Ainda no que tange as similitudes existentes entre as narrativas:
·    + Em Columbus os problemas familiares se revelam mais presentes e próximos dos personagens que em Encontros e Desencontros cujo enredo coloca o casal principal em Tóquio distante de seus pares e familiares - embora as crises de seus matrimônios não deixem de impor sombras angustiantes sobre cada um. Neste diapasão, os traumas dos personagens de Columbus não são de ordem conjugal, tendo a ver, sobretudo, com os relacionamentos mantidos com seus respectivos pai e mãe. São, desta feita, espécies diferentes de percalços que, contudo, se assemelham na forma como servem de razão para que a intimidade entre os casais não seja estreitada.

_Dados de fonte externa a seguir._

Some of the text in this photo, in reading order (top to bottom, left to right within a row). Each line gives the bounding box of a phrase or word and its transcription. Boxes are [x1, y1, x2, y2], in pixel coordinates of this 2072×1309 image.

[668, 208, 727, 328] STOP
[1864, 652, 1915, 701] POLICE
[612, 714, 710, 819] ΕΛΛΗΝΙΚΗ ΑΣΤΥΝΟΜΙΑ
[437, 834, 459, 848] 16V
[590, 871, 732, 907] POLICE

·   + As duas produções fazem ótimo uso das locações, sendo a Tóquio de Encontros e Desencontros uma representação metafórica do estado de espírito dos protagonistas, na medida em que é mostrada antes daqueles se conhecerem como uma metrópole de arranha-céus cinzentos e ruas melancolicamente abarrotadas, passando a ser vista após o encontro dos personagens como uma cidade vibrante em cores, luzes e sons. Já em Columbus a arquitetura modernista do lugar - apresentada por Kogonada sem didatismo, de modo minimalista e, por isso, deveras interessante, o que, vale ressaltar, é em grande parte resultado da valorosa direção de fotografia de Elisha Christian - possui importância temporal para o enredo haja vista que para a figura feminina significa a paixão por cada edificação e suas respectivas histórias, interesse esse que lhe confere um acúmulo de conhecimento e de potencial suficientes para uma futura e promissora carreira no ramo, ao passo que para o personagem masculino representa o passado, as pouco aprazíveis fases da infância e da adolescência nas quais fora deixado de lado pelo pai, arquiteto consagrado, cuja atenção estivera sempre voltada para o seu ofício.

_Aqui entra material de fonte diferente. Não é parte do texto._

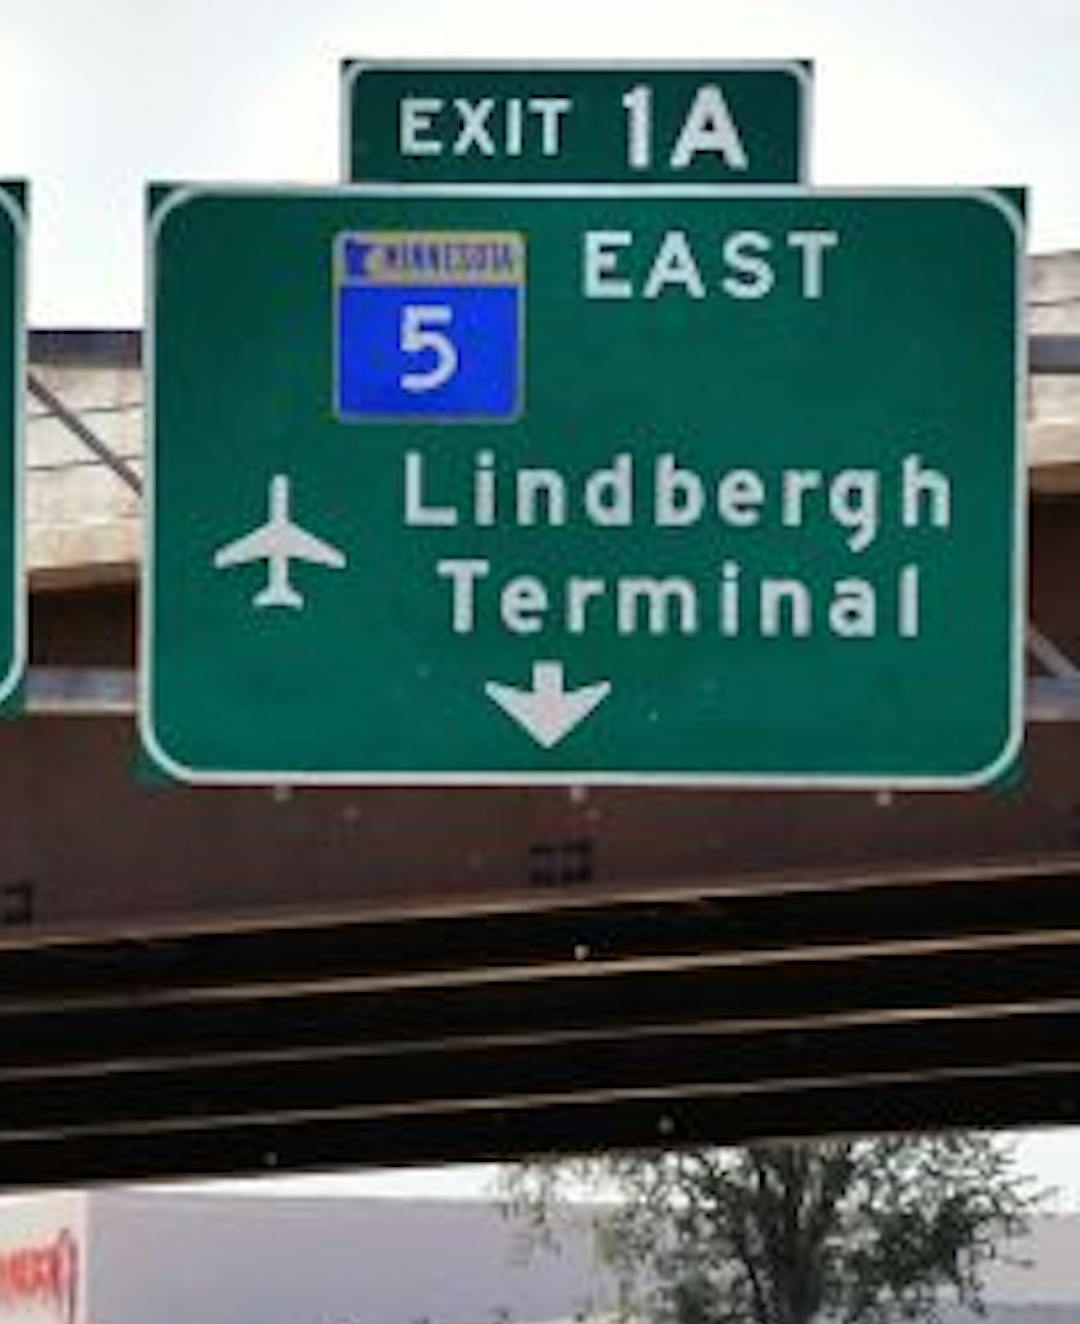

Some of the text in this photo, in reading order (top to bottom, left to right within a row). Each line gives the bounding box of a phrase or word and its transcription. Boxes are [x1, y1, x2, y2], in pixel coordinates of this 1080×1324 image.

[399, 86, 747, 168] EXIT 1A
[583, 231, 838, 298] EAST
[400, 304, 459, 392] 5
[404, 453, 951, 551] Lindbergh
[437, 560, 919, 638] Terminal

Columbus e Encontros e Desencontros são exemplos de romances para os quais se torce não pelo beijo final e sim para que permaneçam atrelados ao estado da platonicidade em benefício da coerência narrativa, afinal, em sendo as chagas dos personagens relevantes o bastante para impedir que uma junção no presente entre eles seja exitosa, as despedidas restam inevitáveis. Dentro deste contexto, os tristonhos finais vistos nos dois títulos, além de atenderem ao anseio por verossimilhança, acabam por se tornar duradouros na memória uma vez que, ao saírem do lugar comum e não apresentarem o fictício clichê da união concretizada, ainda permitem ao espectador especular e dar a conclusão que preferir para as tramas. Assim, é possível pensar que um dia talvez o reencontro daquelas pessoas ocorra em condições mais favoráveis; aliás, é possível que tenha sido justamente essa a fala dita por Bob Harris (Bill Murray, cabisbaixo, irônico, amargurado e vivaz no melhor desempenho de sua filmografia) ao ouvido de Charlotte (Scarlett Johansson) em um ato de adeus, bem como pode ser que tenha sido também esse o pensamento de Jin (John Cho) ao abraçar Casey (Haley Lu Richardson) antes dessa partir rumo a dias melhores por ele possibilitados. Quem sabe...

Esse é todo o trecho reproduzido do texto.